L’enquête sur des mouvements de fonds suspects entre le député socialiste, l’association SOS Racisme et l’organisation lycéenne FIDL, attire l’attention sur deux modifications de l’arsenal répressif français : l’enquête préliminaire et Tracfin.
L’enquête préliminaire (qu’on appelait il y a bien longtemps enquête officieuse) est effectuée soit sur l’initiative des policiers ou gendarmes, soit à la demande du procureur de la République. Dans les deux cas, elle est placée sous l’autorité de ce dernier. Ses limites sont définies par le Code de procédure pénale, dans les articles 75 et suivants. Mais si les numéros sont à l’identique, son utilisation s’est considérablement modifiée ces dernières années.

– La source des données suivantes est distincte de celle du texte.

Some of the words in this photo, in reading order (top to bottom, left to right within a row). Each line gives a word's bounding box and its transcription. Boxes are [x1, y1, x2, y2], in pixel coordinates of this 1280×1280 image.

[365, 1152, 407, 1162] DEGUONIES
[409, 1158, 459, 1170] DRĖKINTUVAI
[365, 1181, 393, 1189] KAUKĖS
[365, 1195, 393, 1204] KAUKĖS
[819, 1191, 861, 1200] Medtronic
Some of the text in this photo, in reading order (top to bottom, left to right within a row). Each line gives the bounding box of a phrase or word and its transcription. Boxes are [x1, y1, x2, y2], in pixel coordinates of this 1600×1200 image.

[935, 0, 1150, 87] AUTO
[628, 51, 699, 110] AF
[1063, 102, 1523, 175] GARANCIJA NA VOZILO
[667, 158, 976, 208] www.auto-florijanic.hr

Autrefois, en « préli », l’enquêteur disposait d’un seul pouvoir coercitif : la garde à vue. Mais sans « droit d’arrestation », la mesure restait, il faut bien le dire, un rien… platonique. Je me souviens des stratagèmes qu’on était amené à utiliser pour convoquer un suspect : raison administrative, infraction au Code de la route, etc. Et une fois l’individu dans les locaux de police, patatrac ! on lui notifiait sa garde à vue « pour les besoins de l’enquête ».

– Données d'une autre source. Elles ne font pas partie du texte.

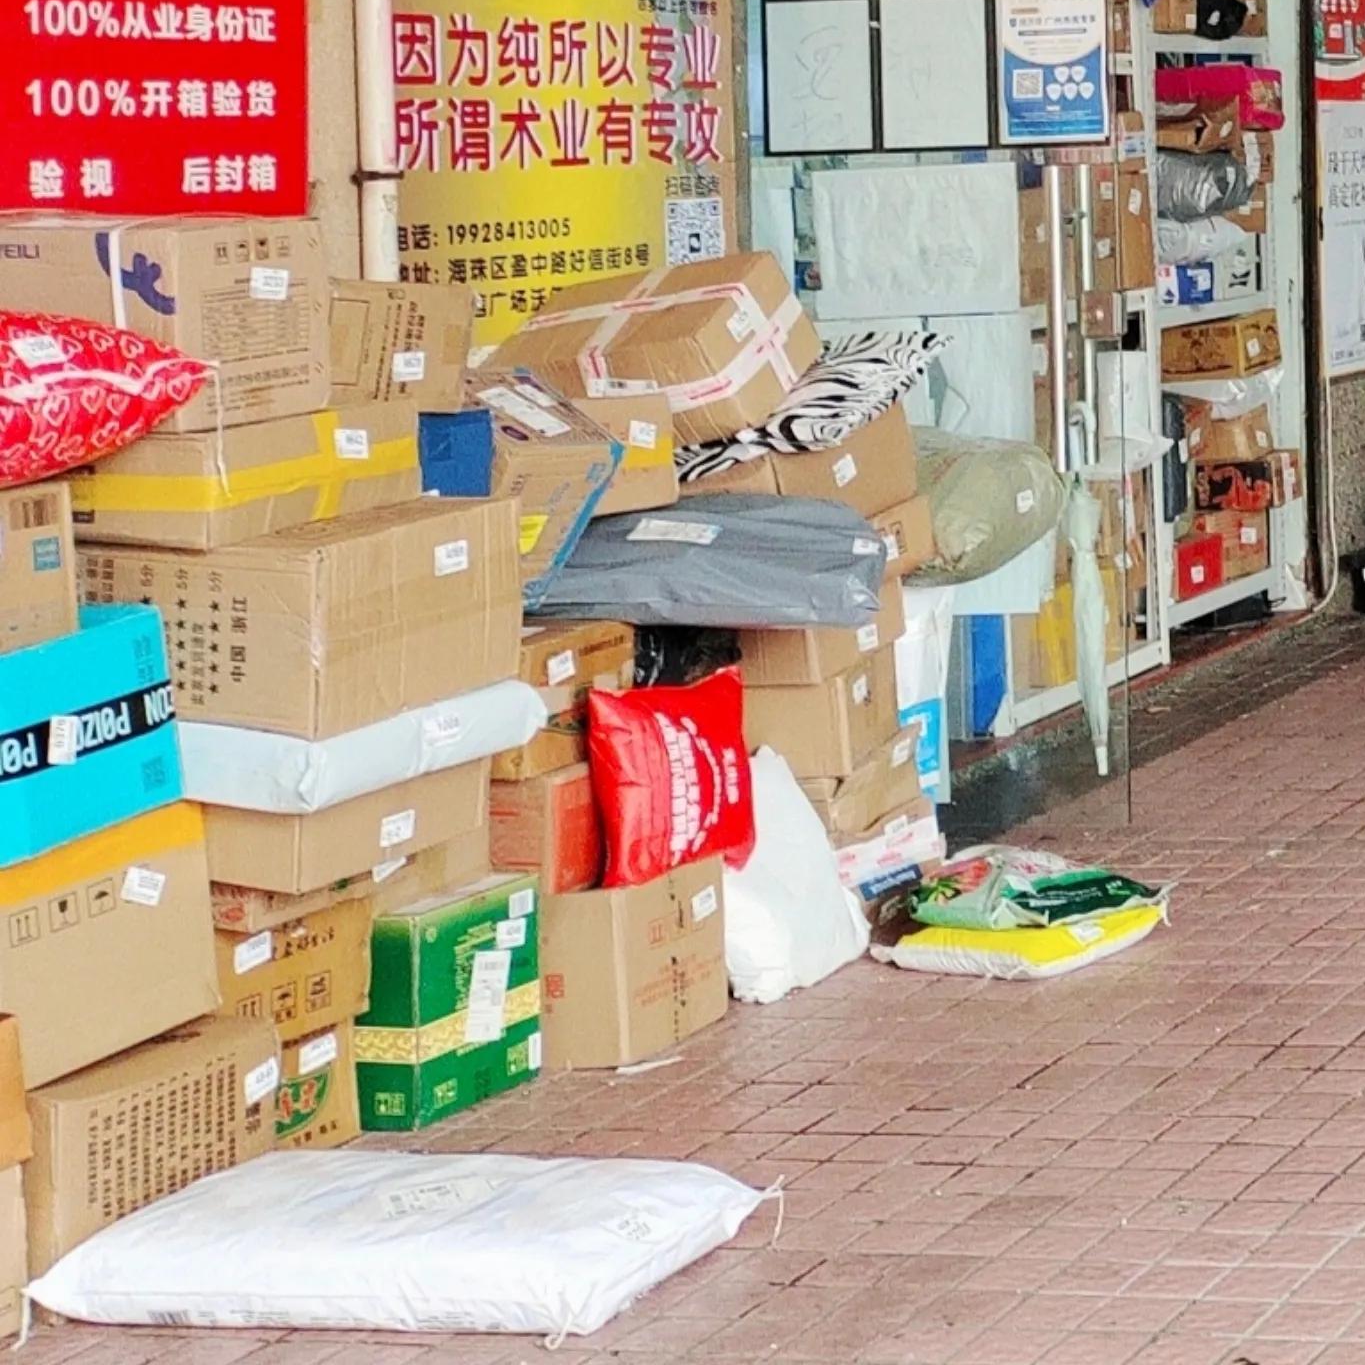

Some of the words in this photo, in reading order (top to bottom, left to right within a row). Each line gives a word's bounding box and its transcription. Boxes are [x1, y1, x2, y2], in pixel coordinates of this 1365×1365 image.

Aujourd’hui, les OPJ disposent quasiment des mêmes prérogatives qu’en présence d’un crime ou d’un délit flagrant. Alors qu’en général, en préli, il est bon de le rappeler, le crime ou le délit n’a pas « encore » eu lieu, ou du moins n’a pas encore été constaté. La seule différence notable avec le flag réside dans la nécessité d’obtenir l’assentiment du « maître de maison » pour effectuer une perquisition. Mais de fait, le refus est rarissime, car dans cette hypothèse, le procureur peut passer en force, soit en demandant l’accord du juge des libertés et de la détention, soit en repassant le bébé au juge d’instruction.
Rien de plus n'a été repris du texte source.